REQUIRED WORK - Go through the data below and transcribe it exactly. Omit the images.

INFORMATION SUPPLIED -
....

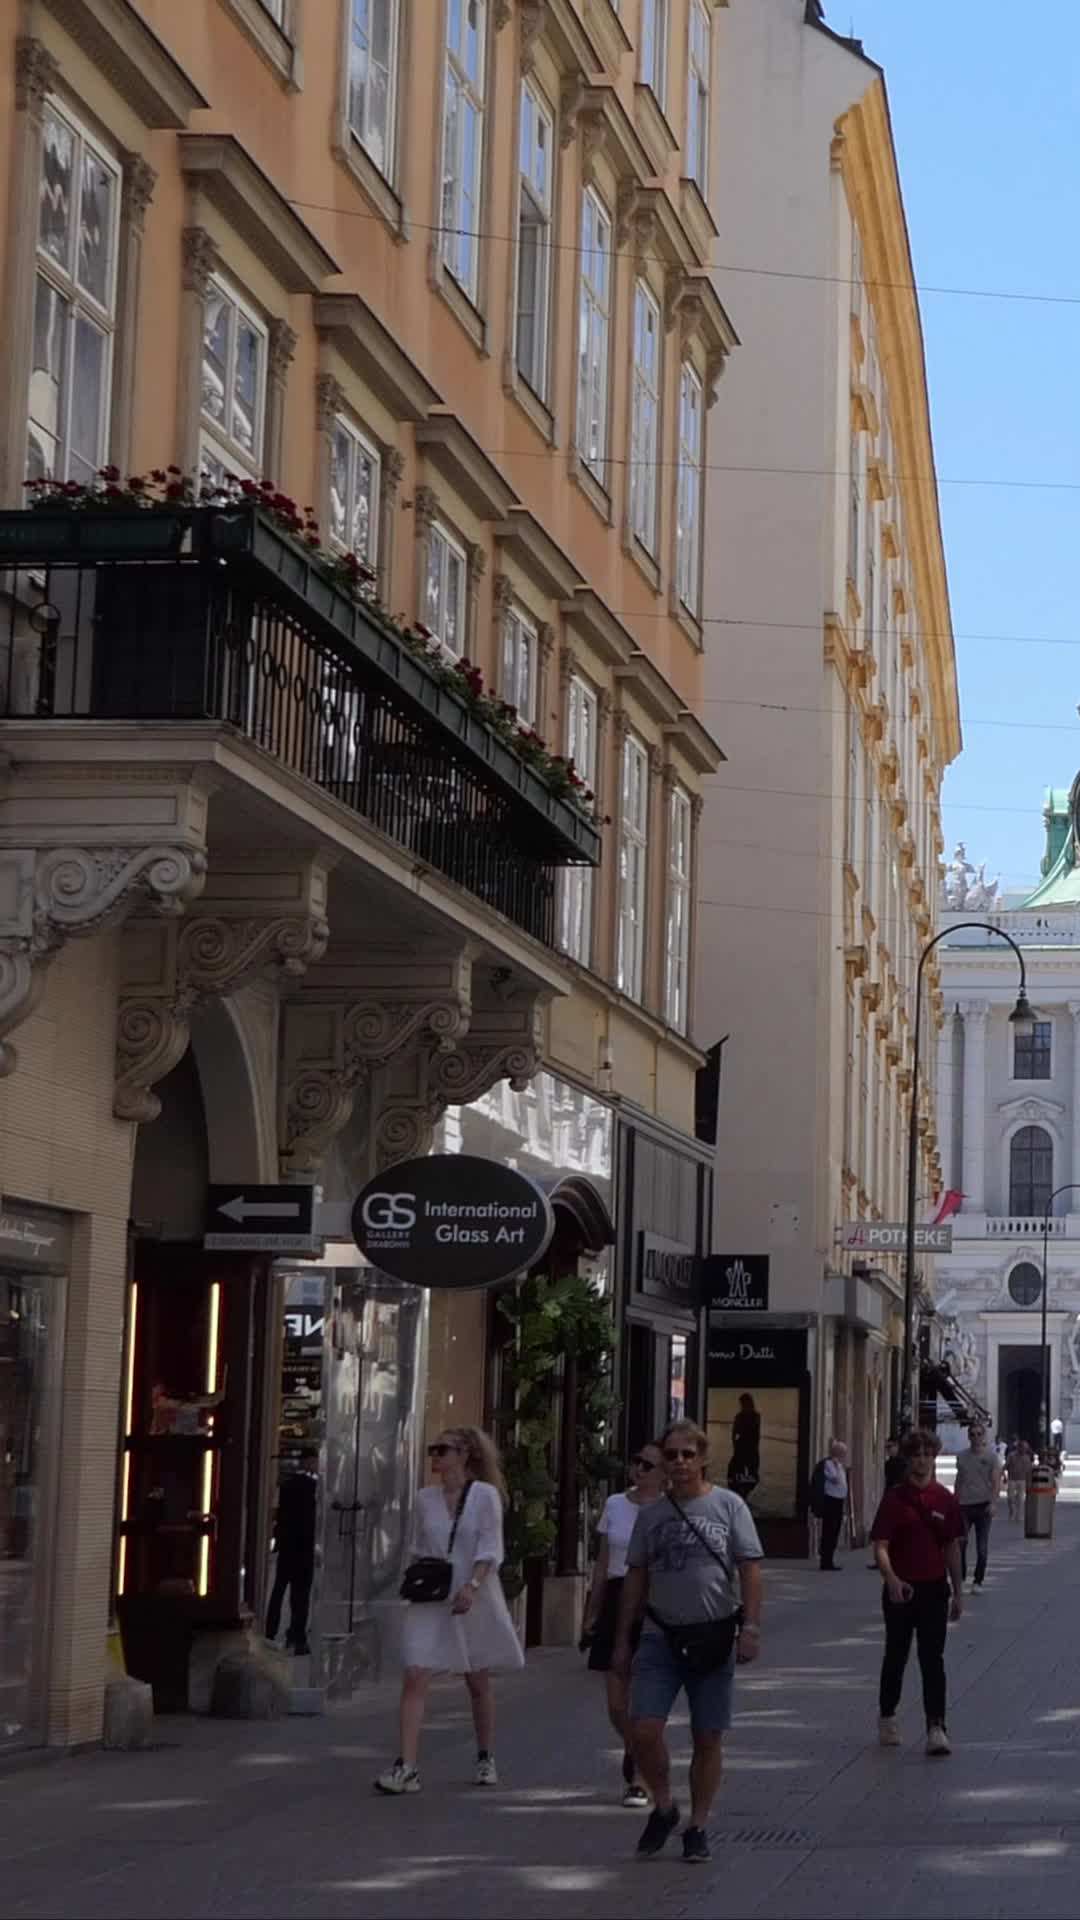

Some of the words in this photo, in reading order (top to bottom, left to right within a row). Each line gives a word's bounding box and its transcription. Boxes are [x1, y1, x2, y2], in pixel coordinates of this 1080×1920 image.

[362, 1192, 416, 1230] GS
[424, 1200, 537, 1219] International
[367, 1231, 411, 1239] GALLERY
[435, 1225, 489, 1244] Glass
[495, 1226, 525, 1244] Art
[711, 1296, 764, 1308] MONCLER
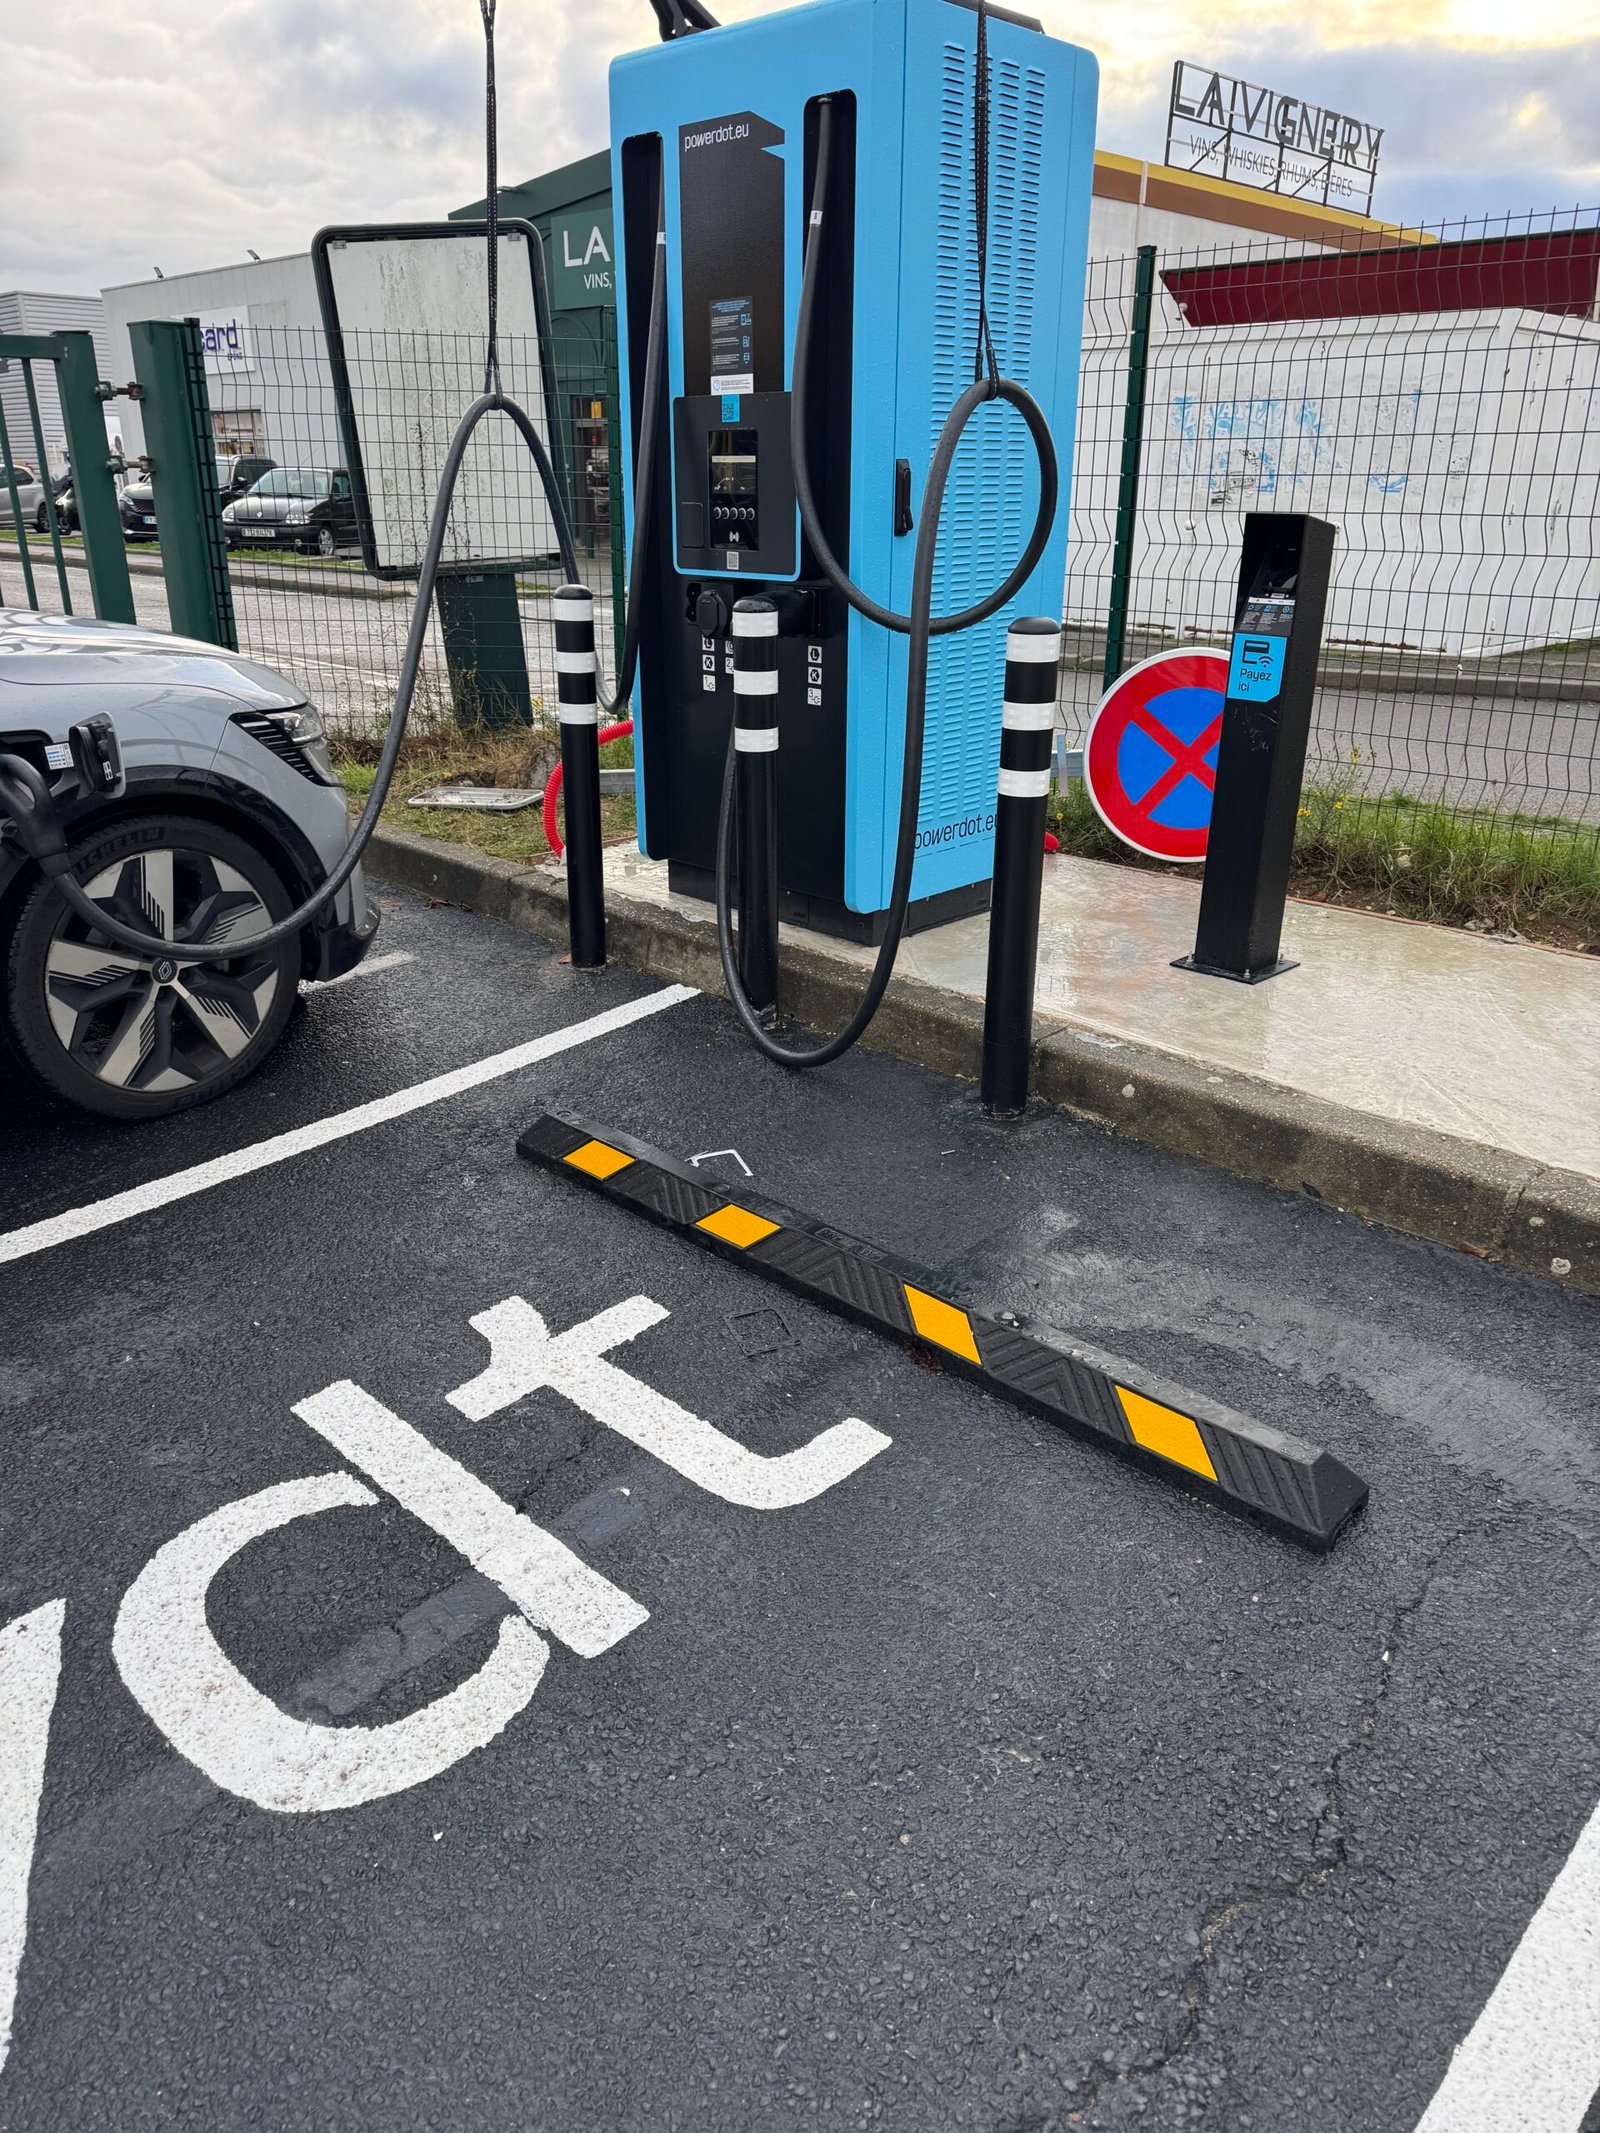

....

TASK OUTPUT -
Some of the words in this photo, in reading order (top to bottom, left to right within a row). Each line gives a word's bounding box and its transcription. Boxes are [x1, y1, x2, y2], in pixel coordinates of this 1080×1920 image.

[362, 1192, 416, 1230] GS
[424, 1200, 537, 1219] International
[367, 1231, 411, 1239] GALLERY
[435, 1225, 489, 1244] Glass
[495, 1226, 525, 1244] Art
[711, 1296, 764, 1308] MONCLER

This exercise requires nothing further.